> Problem to solve:
Copy the records below exactly, leaving out any pictures.

(Images for object localization)
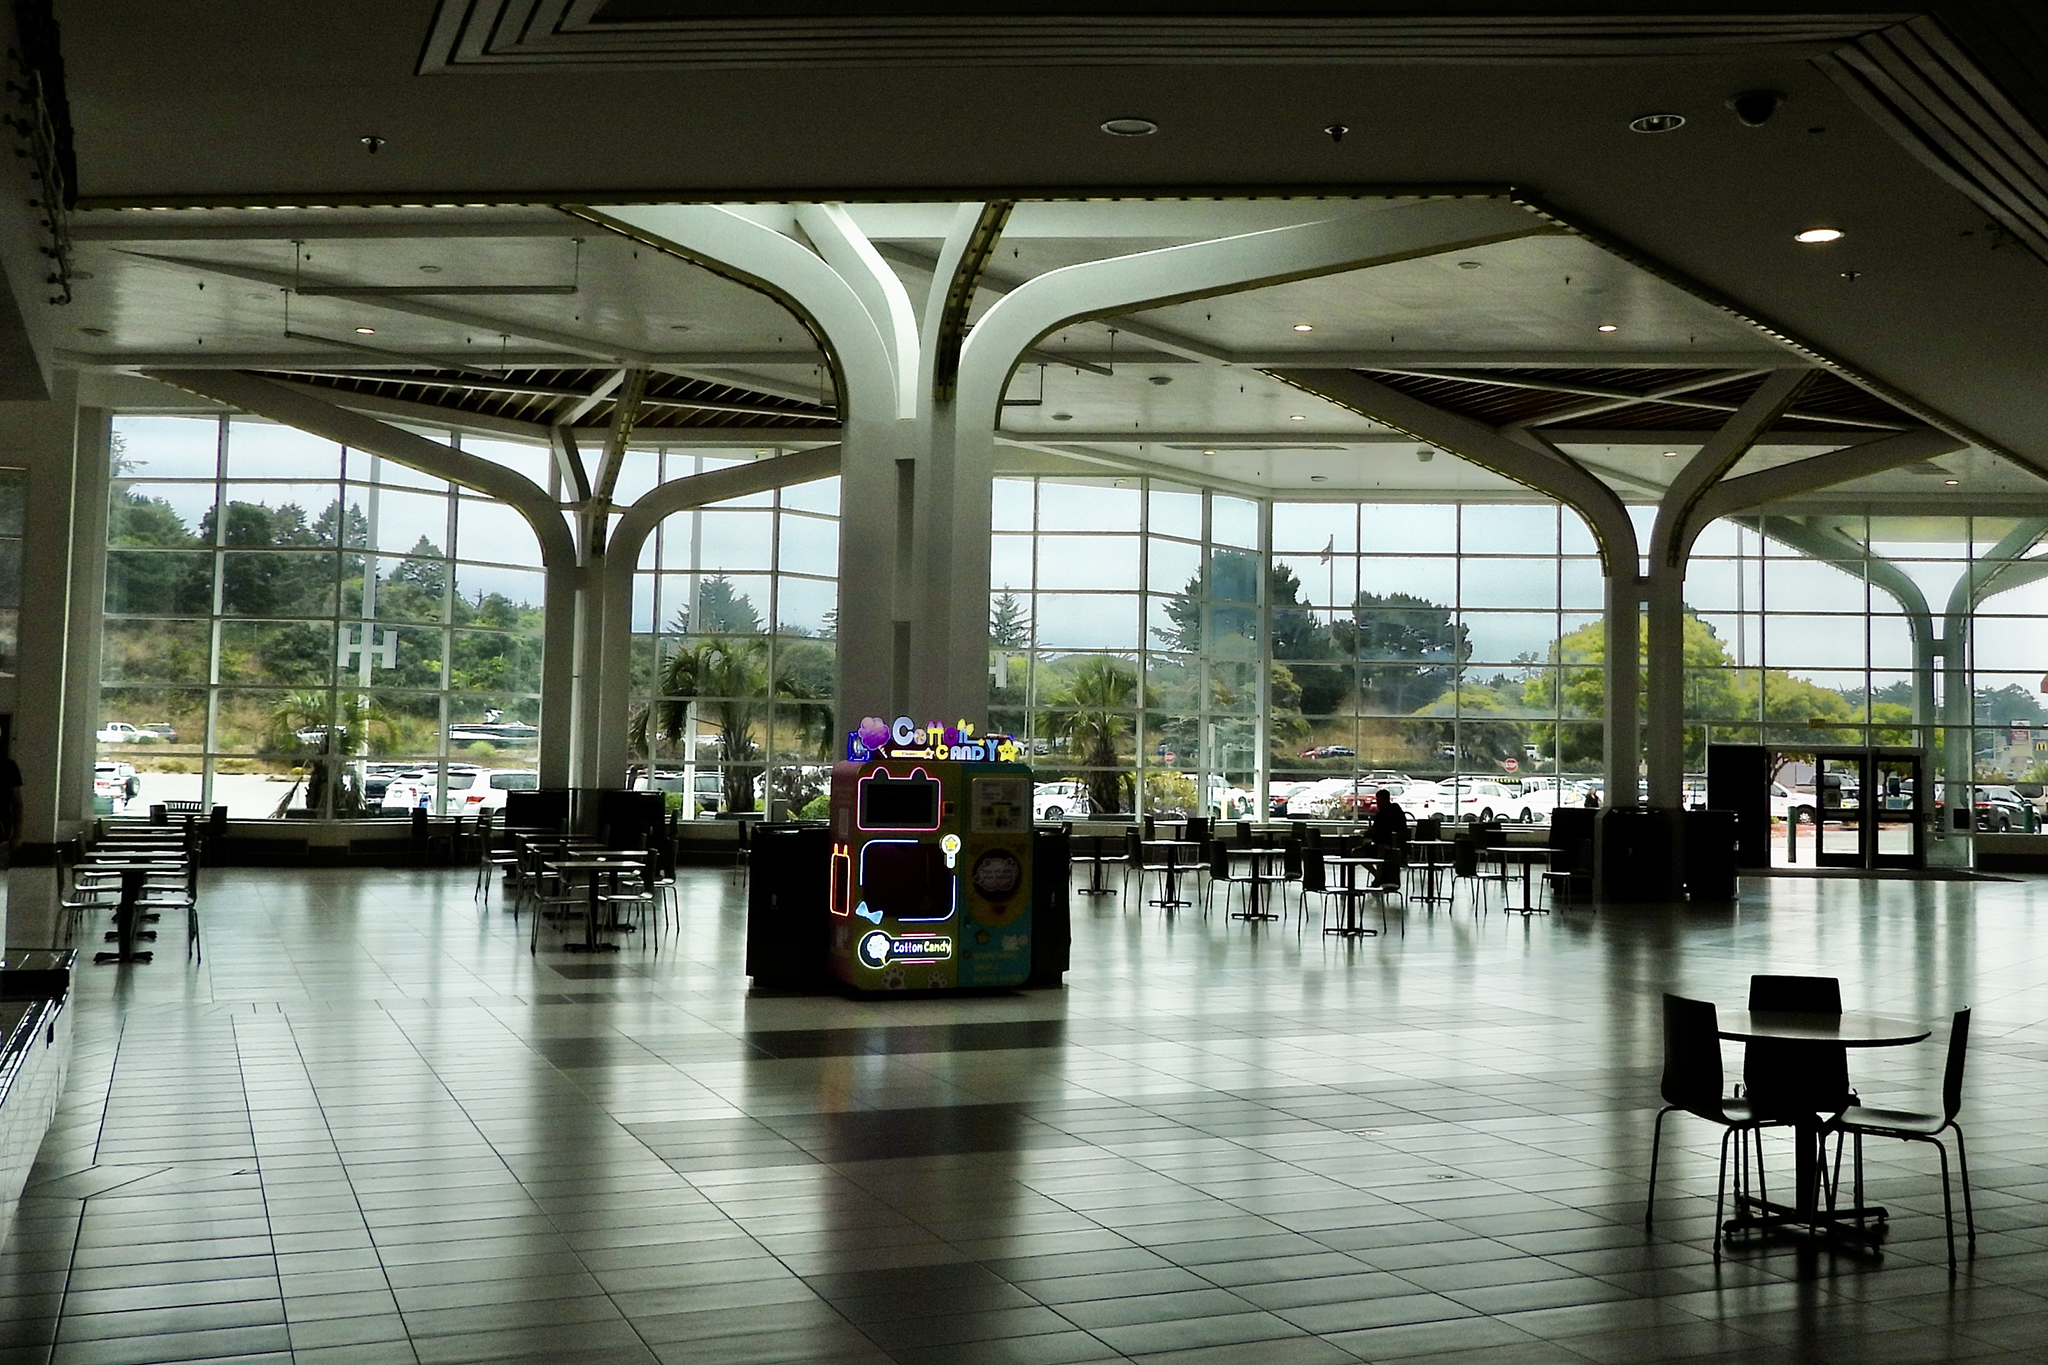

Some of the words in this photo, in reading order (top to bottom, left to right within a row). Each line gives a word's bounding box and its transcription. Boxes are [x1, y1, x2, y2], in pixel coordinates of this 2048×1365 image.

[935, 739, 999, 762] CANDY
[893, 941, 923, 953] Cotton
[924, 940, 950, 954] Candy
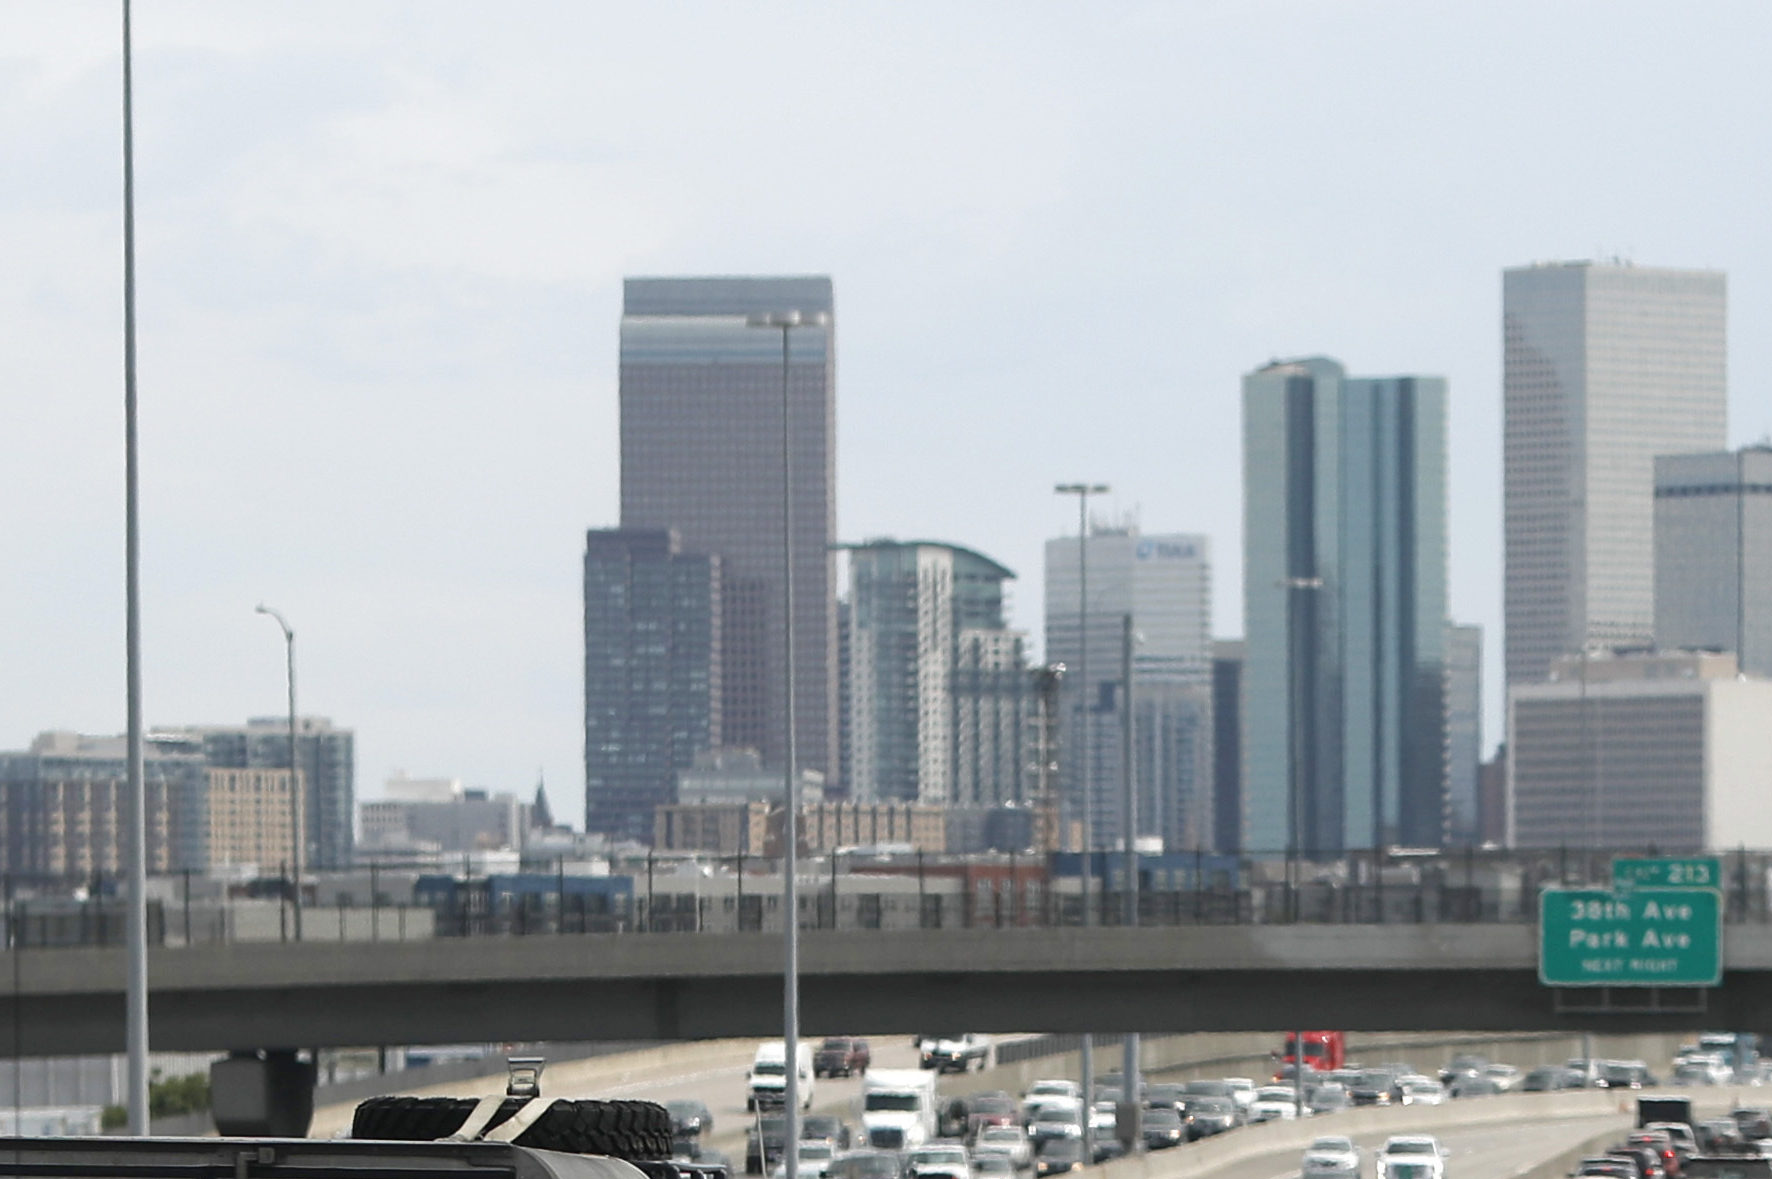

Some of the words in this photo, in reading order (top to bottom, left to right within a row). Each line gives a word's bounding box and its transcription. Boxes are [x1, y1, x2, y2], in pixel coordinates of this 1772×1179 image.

> Task response:
Some of the words in this photo, in reading order (top to bottom, left to right within a row). Each line gives a word's bounding box and its transcription. Boxes are [x1, y1, x2, y2], in pixel coordinates of this 2048×1365 image.

[935, 739, 999, 762] CANDY
[893, 941, 923, 953] Cotton
[924, 940, 950, 954] Candy

Some of the words in this photo, in reading order (top to bottom, left to right within a row). Each line gives a word's bounding box and its transcription. Boxes are [x1, y1, x2, y2], in pixel coordinates of this 1772×1179 image.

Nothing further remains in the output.